With another growing season getting underway at a time when aerial application services are expected to be in high demand, on Monday, NAAA sent a news release to aviation and agricultural media outlets advising unmanned aircraft (UA) operators to be mindful of low-flying manned agricultural aircraft operations. The response was almost immediate.
NAAA’s unmanned aircraft advisory received significant pickup from media outlets such as Farm Journal’s AgWeb, CropLife News, AVweb, Vertical Magazine, AirMed&Rescue magazine, State Aviation Journal, RFD-TV’s Market Day Report, the Southeast AgNet Radio Network, WOWO News/Talk radio, broadcasting from Fort Wayne, Indiana, The Mighty 790 KFGO radio in Fargo, North Dakota, News Dakota, 6Park News in Colorado, and an upcoming episode of “Farm Life Live” on Farm Life Media’s social media network. News of NAAA’s unmanned aircraft advisory even spread to the Australian website Farm Table.
The press release recommends that unmanned aircraft operators:
- Give the right of way to a manned aircraft. It’s the law.
- Equip drones with tracking technology, such as ADS-B In, so you will know ADS-B Out-equipped manned aircraft positions.
- Get certified and well-trained in operating an unmanned aircraft.

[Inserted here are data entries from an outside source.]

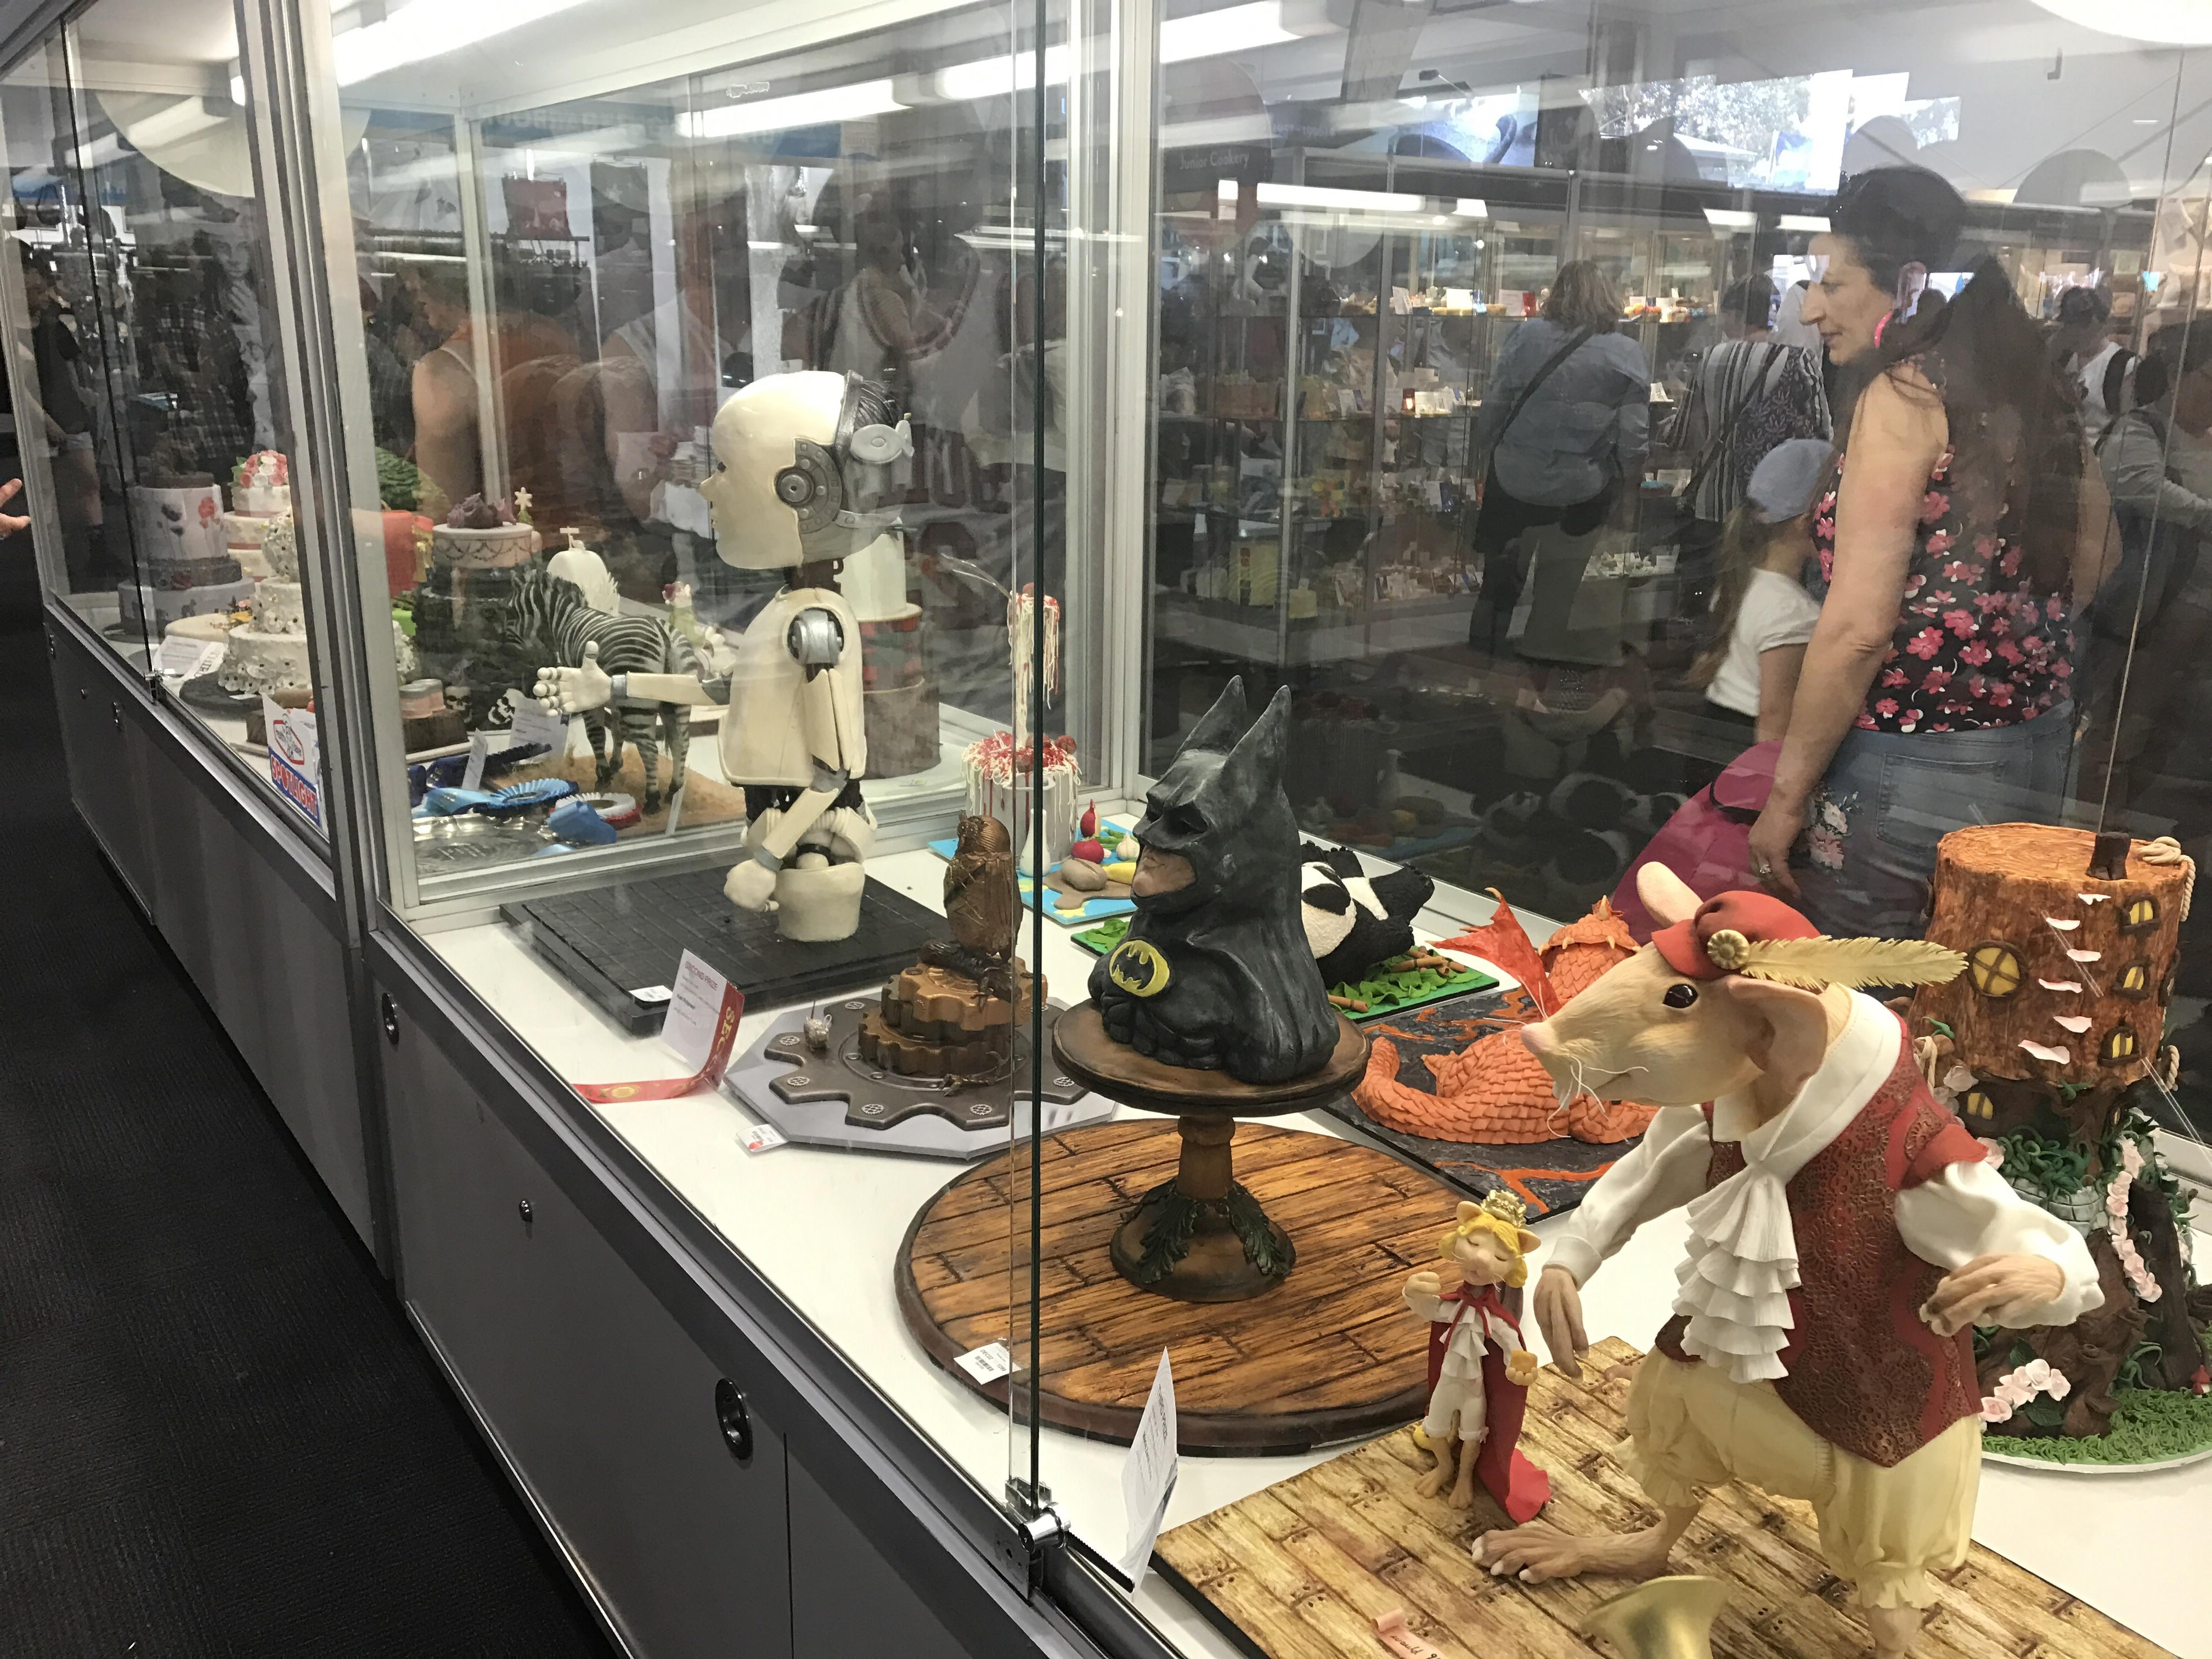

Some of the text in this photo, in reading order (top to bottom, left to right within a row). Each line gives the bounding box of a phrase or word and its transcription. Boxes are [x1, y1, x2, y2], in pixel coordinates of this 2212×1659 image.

[1180, 149, 1250, 170] Junior Cookery
[271, 754, 318, 819] SPOTLIGHT
[685, 961, 704, 980] SECOND
[704, 975, 718, 991] PRIZE
[1390, 1635, 1424, 1655] would

- Contact local agricultural aviation operations before flying by consulting AgAviation.org/findapplicator.
- Equip UAs with visible strobe lights and high visibility marking.
- Land an unmanned aircraft immediately when a low-flying aircraft is nearby.

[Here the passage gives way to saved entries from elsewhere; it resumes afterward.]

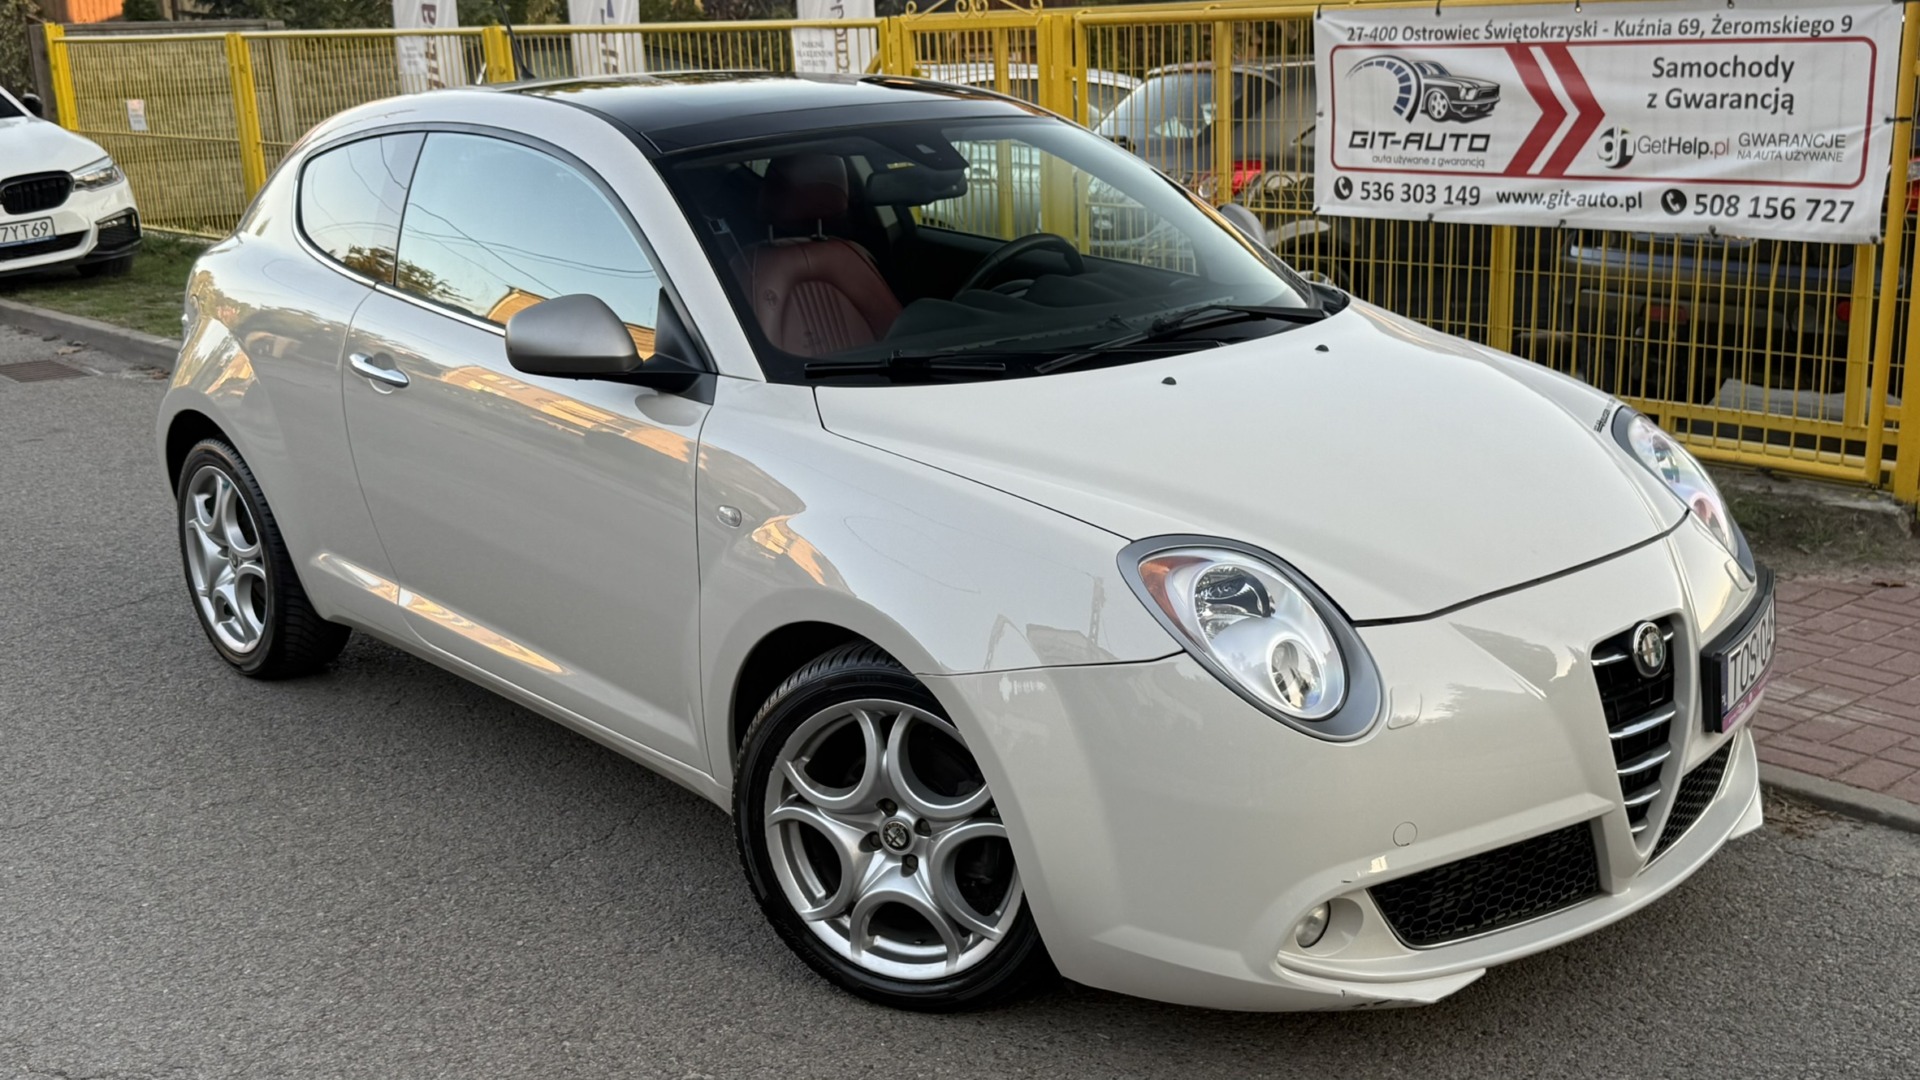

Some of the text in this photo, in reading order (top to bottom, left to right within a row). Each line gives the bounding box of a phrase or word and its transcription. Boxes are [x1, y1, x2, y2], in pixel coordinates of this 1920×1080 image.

[1346, 26, 1398, 42] 27-400
[1402, 25, 1480, 42] Ostrowiec
[1484, 19, 1598, 43] Świętokrzyski
[1613, 18, 1672, 37] Kuźnia
[1677, 18, 1705, 39] 69,
[1711, 14, 1835, 38] Żeromskiego
[1840, 15, 1853, 33] 9
[1652, 54, 1795, 83] Samochody
[1647, 87, 1794, 115] z Gwarancją
[1348, 131, 1491, 152] GIT-AUTO
[1637, 135, 1730, 159] GetHelp.pl
[1738, 132, 1846, 149] GWARANCJE
[1372, 154, 1485, 168] auta używane z gwarancją
[1737, 150, 1844, 162] NA AUTA UŻYWANE
[1360, 181, 1481, 206] 536 303 149
[1496, 189, 1643, 212] www.git-auto.pl
[1693, 194, 1855, 224] 508 156 727
[1730, 630, 1758, 701] TOS

- Carry UA liability insurance.
The news release also garnered a return invitation for NAAA CEO Andrew Moore to appear on RFD-TV’s daily news program. He addressed drone and ag aviator safety issues on RFD-TV’s Market Day Report on April 19. During the live phone interview, Moore was asked how common encounters between manned ag aircraft and drones are. He also explained some of NAAA’s key recommendations to unmanned aircraft operators and why the association is expecting a huge year for aerial applicators this season. Watch the full interview below.
Agricultural aviators treat 127 million acres of cropland in the United States each year and perform a variety of services that help farmers increase productivity and protect their crops.

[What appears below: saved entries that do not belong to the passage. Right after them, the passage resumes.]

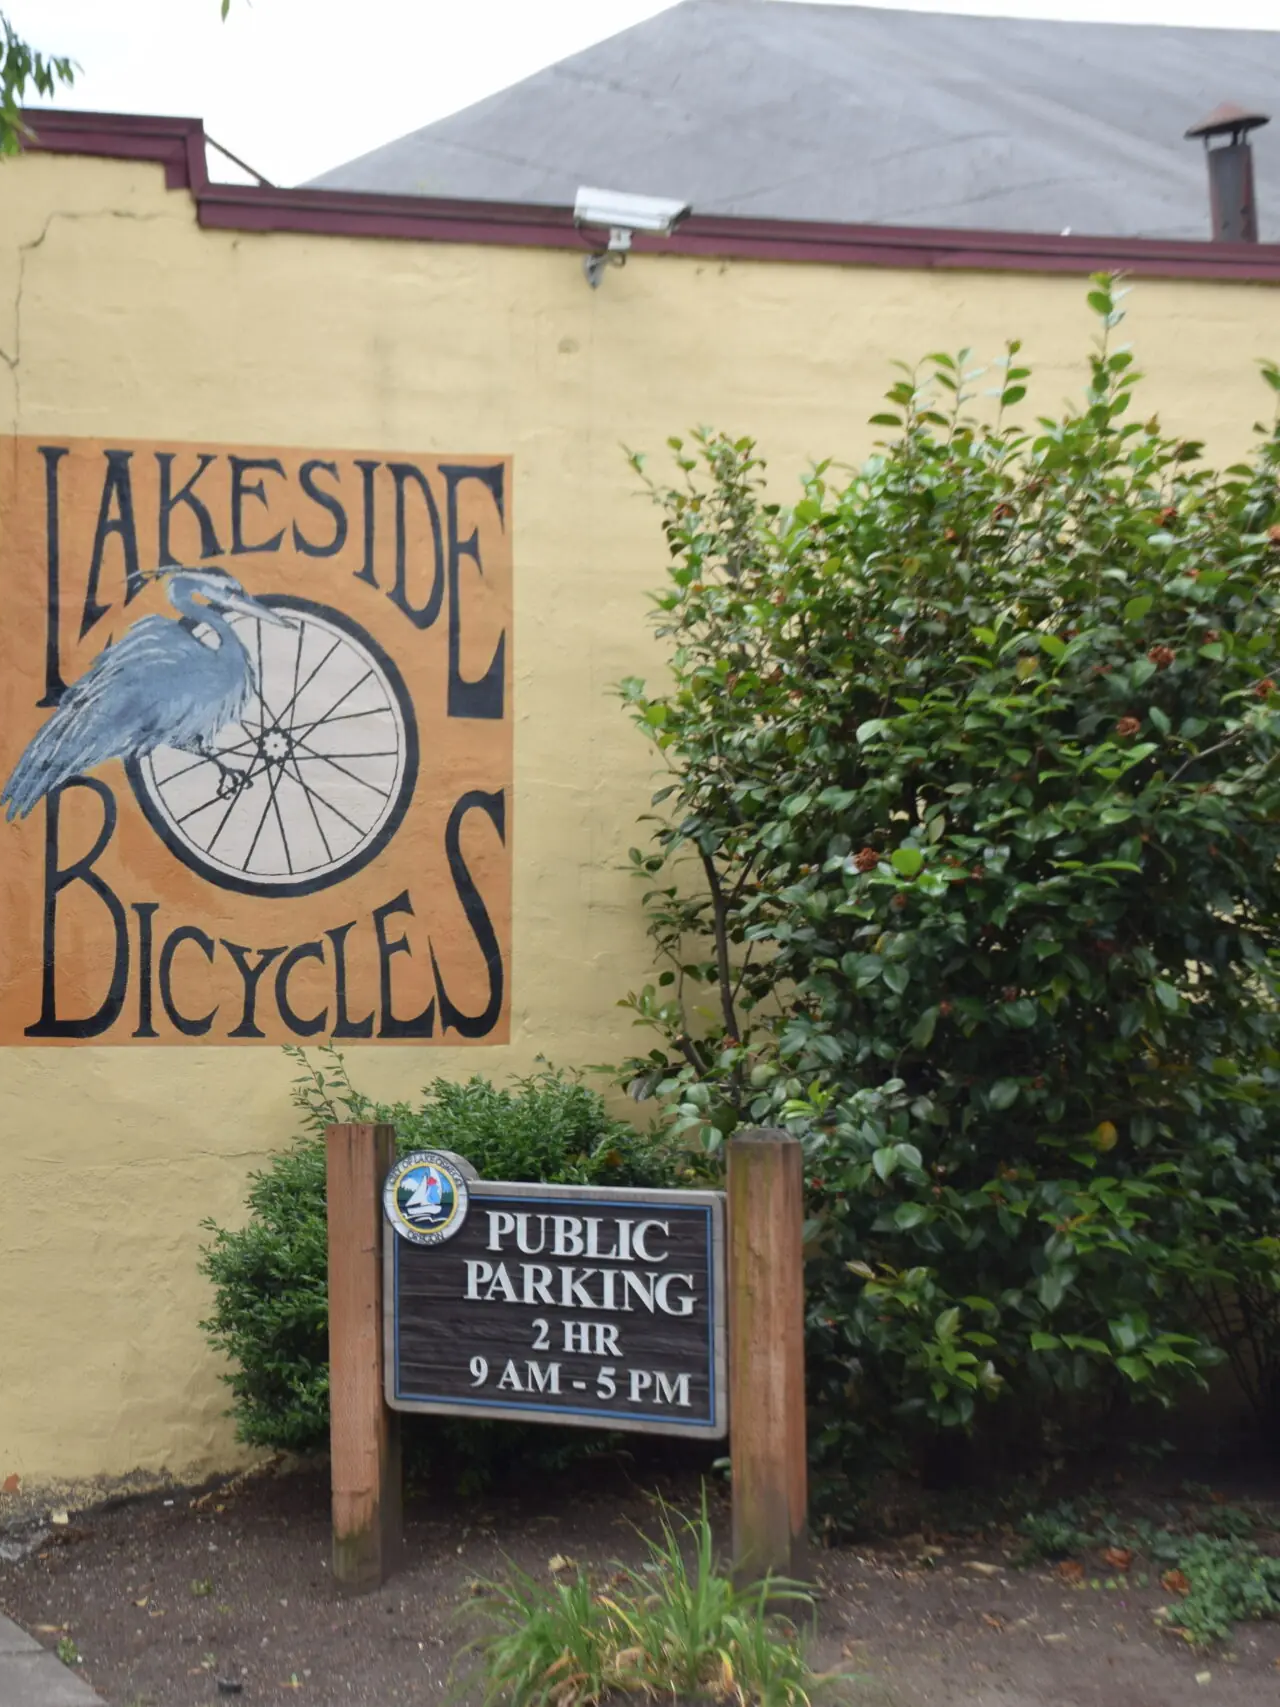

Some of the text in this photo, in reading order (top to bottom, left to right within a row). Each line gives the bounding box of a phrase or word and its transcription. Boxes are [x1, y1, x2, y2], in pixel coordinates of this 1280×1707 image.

[35, 446, 505, 719] LAKESIDE
[24, 776, 505, 1038] BICYCLES
[388, 1165, 402, 1183] CITY
[413, 1153, 435, 1164] LAKE
[407, 1230, 444, 1243] OREGON
[486, 1211, 669, 1262] PUBLIC
[463, 1260, 697, 1316] PARKING
[531, 1318, 623, 1357] 2 HR
[469, 1355, 488, 1388] 9
[496, 1359, 562, 1395] AM
[596, 1366, 616, 1400] 5
[628, 1369, 692, 1407] PM

“With Russia’s invasion of Ukraine restricting a huge portion of the world’s food supply, we cannot afford even a small disruption in the nation’s food supply chain,” Moore said in the news release. “Agricultural aviators deliver nutrients, seeds and crop protection products to crops that will become consumers’ food and fiber supply in the U.S. and around the world. Their work cannot be delayed because of an unmanned aircraft not yielding to them, as is required by law. 2021 was a big year for aerial applicators, and we expect demand for aerial application services to be even higher in 2022.”
This is the sixth year NAAA has reached out to the media regarding safe UAV operations heading into the spring growing season.